If correct, then perhaps work has become an idol for some people. Could this mean that the stigmatization of play that we see comes not from the notion of play itself, but from the view of work? If work has a quasi-religious status and play detracts from work, then ipso facto, play becomes a problem and could even take on the identity of a sin in such a culture. At best, one could treat play as something fine for children, but the adults know better.
Malesic also sees from Maslach, the originator of the original burnout measurement index, that work becomes a way to find value in the world. Maslach recognizes the importance of having psychological needs met at work, writing, “The person who lacks close relationships with friends or family will be far more dependent on clients and colleagues for signs of appreciation.”[11] Malesic then says that when a person does not feel appreciated on the job or lacks community with coworkers, their ability to do the job deteriorates as a result.[12] Apathy sets in for workers which leads to a vicious cycle of less appreciation.

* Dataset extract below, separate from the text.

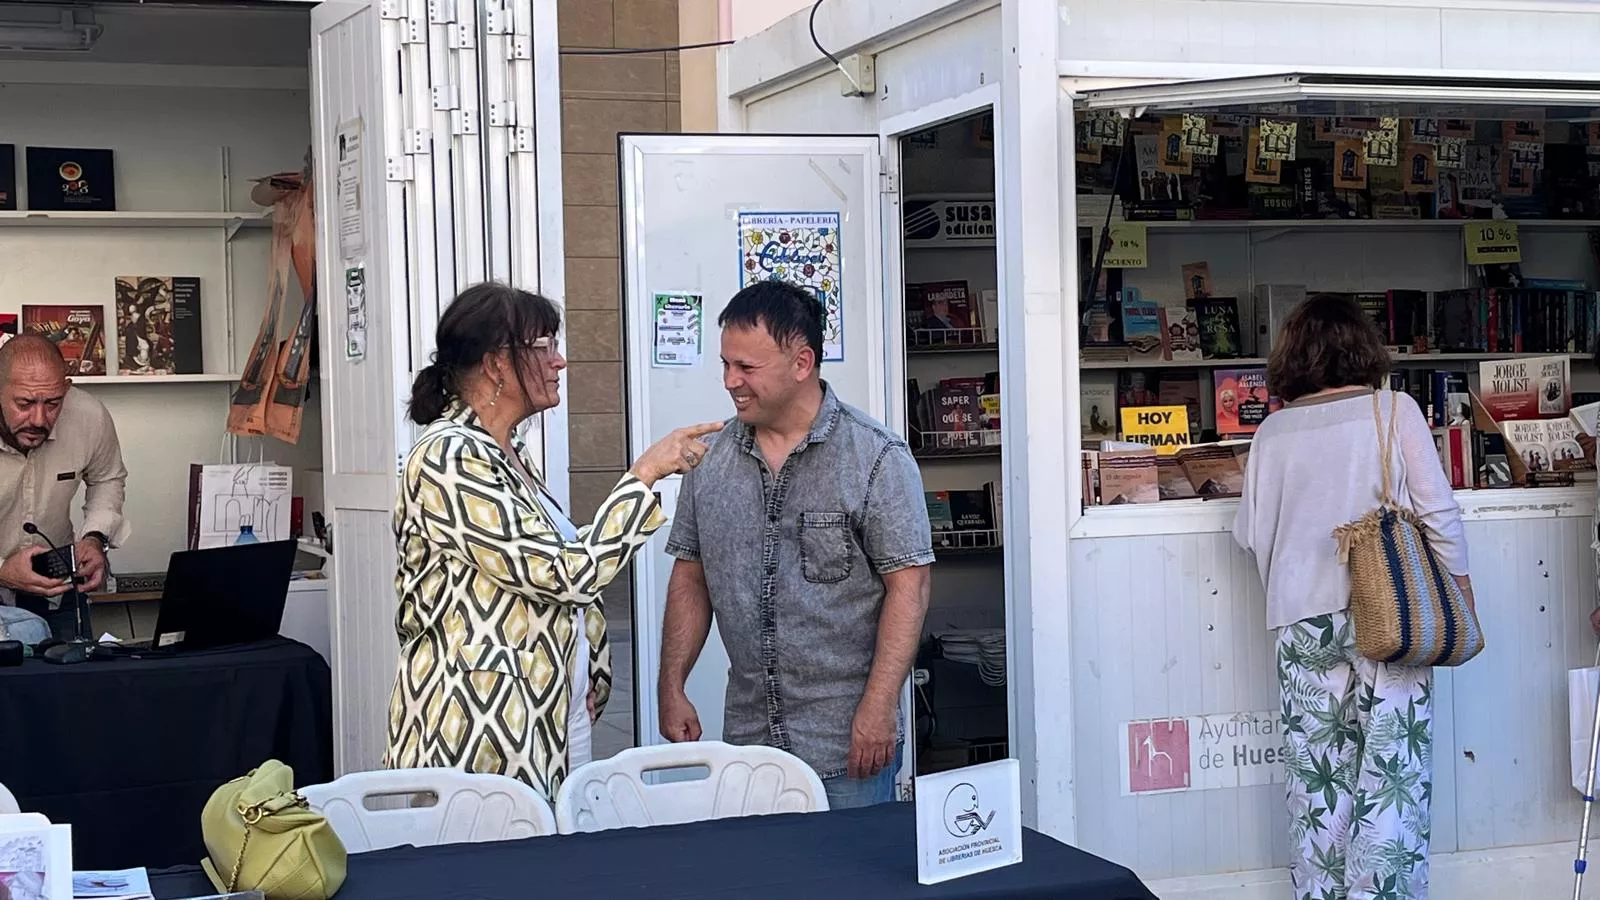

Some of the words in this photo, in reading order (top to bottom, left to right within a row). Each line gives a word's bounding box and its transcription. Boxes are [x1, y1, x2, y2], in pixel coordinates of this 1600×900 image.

Malesic writes about working with a community of monks in New Mexico at a monastery called Christ in the Desert. These monks set specific work times and when the bell rings, work for the day stops. He writes about this saying “I asked Fr. Simeon, a monk who spoke with a confidence cultivated through the years he spent as a defense attorney, what you do when the 12:40 bell rings but you feel that your work is undone.
‘You get over it,’ he replied.”[13]
These monks do not doubt the importance of their work, but they have no franticness saying that everything must get completed entirely. If one thinks everything has to be done completely, it can lead to exhaustion. The workers who know that they have a reprieve can then get more productive when it comes to their other monk duties, like prayer, and then do more when they return to work the next day. They are also able to practice leniency on themselves and not demand of themselves more than they can do.
Next time, we will cover something hopefully more fun, play.
In Christ,
Nick Peters
(And I affirm the virgin birth)
[1] Gilbert C. Meilander ed., Working: Its Meaning and Limits (Notre Dame, Indiana: University of Notre Dame Press, 2010), 2.
[2] Ibid., 43.
[3] Ibid., 45.
[4] Lester Dekoster, Work: The Meaning of Your Life (Grand Rapids, Michigan: Christian’s Library Press, 1982), 1.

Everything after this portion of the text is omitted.